On 7/20/11, David Ehle <ehle(a)phys.iit.edu> wrote:
Would you be willing /able to elaborate more on this idea? I've
been
looking into it a bit more and while your right that it sounds simpler on
paper, it looks like doing DRBD is packaged for Ubuntu, and there is
pretty good Cook Book documentation for how to do HA NFS on top of DRBD.
I'm a real novice on the multipath topic so I'm having trouble comparing
apples to apples to see what the pros and cons of the two scenarios would
be.
I'm a novice as well (if my nickname didn't make that obvious yet :D)
It's all on paper since I haven't had the time to push for it
internally nor was the original client eager to put out the budget for
the necessary hardware.
My basic idea was this
Physically
=======
[VM Host]
NIC1 -> Switch 1
NIC2 -> Switch 2
[Storage Node] x 2
NIC1 -> Switch 1
NIC2 -> Switch 2
Export HDD x 4 (RAID 10 or could do with RAID 1)
So for VM1
mp1: multipath NIC1 -> Storage1:HDD1, NIC2->Storage1:HDD1
mp2: multipath NIC2 -> Storage2:HDD1, NIC2->Storage2:HDD2
then
md mirror using mp1 and mp2
This way, if one switch fails, multipath should keep the array
working. if one node fails, md mirror should keep it alive.

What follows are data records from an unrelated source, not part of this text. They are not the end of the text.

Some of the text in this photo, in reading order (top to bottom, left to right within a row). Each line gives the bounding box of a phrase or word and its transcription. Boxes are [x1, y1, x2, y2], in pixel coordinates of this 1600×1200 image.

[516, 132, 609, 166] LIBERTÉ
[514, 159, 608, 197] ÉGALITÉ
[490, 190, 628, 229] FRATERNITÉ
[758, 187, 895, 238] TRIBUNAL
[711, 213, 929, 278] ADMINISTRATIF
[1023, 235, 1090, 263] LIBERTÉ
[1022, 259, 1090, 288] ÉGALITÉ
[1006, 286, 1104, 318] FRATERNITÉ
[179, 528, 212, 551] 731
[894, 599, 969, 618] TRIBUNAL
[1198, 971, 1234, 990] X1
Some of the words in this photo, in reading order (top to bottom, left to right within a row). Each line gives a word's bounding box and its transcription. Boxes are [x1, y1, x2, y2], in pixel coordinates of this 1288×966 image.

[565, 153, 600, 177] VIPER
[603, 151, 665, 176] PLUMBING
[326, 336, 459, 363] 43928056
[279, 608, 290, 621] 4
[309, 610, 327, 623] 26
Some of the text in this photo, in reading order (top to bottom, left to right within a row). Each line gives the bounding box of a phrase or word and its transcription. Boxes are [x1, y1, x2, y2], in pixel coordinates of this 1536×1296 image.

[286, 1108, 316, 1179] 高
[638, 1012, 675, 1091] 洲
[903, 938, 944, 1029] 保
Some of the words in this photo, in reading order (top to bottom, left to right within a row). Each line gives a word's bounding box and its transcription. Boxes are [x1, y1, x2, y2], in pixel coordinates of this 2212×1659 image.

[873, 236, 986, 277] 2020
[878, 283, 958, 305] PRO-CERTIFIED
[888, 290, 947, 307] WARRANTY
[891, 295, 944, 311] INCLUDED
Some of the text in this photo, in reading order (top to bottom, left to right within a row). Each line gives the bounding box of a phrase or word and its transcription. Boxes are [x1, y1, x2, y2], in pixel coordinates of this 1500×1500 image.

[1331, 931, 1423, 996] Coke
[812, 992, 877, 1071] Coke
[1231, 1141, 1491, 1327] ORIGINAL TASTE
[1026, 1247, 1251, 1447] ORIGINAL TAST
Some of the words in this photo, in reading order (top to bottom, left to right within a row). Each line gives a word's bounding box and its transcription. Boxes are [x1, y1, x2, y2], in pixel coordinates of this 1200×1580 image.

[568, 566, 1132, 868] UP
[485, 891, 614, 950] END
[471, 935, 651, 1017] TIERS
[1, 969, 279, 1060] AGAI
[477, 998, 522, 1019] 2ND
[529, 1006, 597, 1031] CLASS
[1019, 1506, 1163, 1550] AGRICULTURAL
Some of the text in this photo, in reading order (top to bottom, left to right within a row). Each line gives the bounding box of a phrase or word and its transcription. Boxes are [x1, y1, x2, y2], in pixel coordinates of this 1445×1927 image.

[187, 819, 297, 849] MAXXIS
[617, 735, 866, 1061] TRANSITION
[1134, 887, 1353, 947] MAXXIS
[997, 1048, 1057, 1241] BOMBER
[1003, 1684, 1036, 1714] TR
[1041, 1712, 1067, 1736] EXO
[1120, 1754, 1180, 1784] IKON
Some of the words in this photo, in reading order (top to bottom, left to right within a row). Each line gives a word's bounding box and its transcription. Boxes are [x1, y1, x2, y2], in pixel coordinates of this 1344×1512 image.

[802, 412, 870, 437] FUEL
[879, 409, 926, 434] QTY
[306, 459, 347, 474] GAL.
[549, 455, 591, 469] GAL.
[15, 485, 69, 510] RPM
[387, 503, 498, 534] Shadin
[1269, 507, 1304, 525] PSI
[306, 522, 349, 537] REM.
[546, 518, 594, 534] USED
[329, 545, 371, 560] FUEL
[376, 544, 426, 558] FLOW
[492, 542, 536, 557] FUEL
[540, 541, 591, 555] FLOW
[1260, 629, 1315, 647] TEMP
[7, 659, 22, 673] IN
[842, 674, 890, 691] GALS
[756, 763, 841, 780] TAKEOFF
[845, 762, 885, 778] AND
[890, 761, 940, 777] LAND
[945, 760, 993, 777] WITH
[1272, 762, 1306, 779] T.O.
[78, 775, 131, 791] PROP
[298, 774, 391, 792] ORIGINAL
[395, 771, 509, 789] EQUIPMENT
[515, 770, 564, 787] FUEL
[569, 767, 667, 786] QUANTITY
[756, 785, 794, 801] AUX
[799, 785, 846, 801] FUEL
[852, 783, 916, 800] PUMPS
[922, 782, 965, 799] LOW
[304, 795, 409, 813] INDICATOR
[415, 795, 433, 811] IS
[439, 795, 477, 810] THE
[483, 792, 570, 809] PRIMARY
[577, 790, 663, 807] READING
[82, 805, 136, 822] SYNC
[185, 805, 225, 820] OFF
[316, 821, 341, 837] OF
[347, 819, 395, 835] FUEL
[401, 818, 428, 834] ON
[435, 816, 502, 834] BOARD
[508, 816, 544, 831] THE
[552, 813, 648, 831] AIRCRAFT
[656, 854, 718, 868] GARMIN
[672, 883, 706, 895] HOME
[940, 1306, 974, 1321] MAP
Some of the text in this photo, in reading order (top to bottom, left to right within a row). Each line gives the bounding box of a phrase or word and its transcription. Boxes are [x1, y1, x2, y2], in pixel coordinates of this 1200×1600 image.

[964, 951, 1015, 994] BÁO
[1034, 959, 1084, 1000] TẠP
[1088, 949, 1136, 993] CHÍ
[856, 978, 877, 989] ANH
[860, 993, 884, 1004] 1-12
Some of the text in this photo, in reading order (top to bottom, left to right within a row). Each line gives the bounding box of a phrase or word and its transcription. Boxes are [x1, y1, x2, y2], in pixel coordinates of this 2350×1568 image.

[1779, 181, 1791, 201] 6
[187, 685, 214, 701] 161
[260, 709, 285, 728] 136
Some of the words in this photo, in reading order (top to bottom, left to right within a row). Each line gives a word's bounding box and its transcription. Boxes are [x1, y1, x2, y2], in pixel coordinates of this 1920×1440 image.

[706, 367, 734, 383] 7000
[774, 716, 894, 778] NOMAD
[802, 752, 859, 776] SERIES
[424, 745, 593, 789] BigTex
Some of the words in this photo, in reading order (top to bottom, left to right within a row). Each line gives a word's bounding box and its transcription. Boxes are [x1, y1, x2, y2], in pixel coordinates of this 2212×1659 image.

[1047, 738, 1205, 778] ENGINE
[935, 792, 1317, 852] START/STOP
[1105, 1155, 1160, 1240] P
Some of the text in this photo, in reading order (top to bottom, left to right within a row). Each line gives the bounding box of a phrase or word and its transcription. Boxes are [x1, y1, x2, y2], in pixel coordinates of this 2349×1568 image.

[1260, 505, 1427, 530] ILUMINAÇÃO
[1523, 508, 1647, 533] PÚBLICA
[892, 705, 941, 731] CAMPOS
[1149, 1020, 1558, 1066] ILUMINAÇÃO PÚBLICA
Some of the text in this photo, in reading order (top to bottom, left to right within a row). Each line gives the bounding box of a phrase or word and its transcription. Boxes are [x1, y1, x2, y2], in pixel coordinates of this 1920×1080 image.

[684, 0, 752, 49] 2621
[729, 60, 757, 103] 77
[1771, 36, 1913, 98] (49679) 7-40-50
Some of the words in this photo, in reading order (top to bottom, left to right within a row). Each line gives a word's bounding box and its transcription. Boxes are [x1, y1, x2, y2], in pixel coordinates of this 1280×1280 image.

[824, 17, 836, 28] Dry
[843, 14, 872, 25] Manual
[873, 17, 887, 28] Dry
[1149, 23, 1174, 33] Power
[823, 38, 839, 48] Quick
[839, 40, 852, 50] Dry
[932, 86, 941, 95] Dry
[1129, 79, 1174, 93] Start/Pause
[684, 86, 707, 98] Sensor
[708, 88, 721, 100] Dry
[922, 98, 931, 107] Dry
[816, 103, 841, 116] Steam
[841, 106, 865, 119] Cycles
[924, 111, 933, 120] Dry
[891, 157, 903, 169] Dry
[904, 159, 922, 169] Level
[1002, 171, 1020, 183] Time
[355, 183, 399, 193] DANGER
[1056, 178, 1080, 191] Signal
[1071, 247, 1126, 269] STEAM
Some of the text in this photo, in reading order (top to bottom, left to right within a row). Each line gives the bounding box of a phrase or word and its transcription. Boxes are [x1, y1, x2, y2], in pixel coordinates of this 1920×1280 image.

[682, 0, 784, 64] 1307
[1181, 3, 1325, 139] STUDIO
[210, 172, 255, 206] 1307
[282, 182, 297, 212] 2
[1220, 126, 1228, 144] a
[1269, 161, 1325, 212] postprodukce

One question I haven't figured an answer to is whether it would be
better to build the array in the host and simply show the guest a
single drive (less overheads? more flexible? since I could change the
setup on the host as long as the guest definition points to the
correct block device), or do it within the guest itself (faster I/O
since the kernel is aware of more drives?)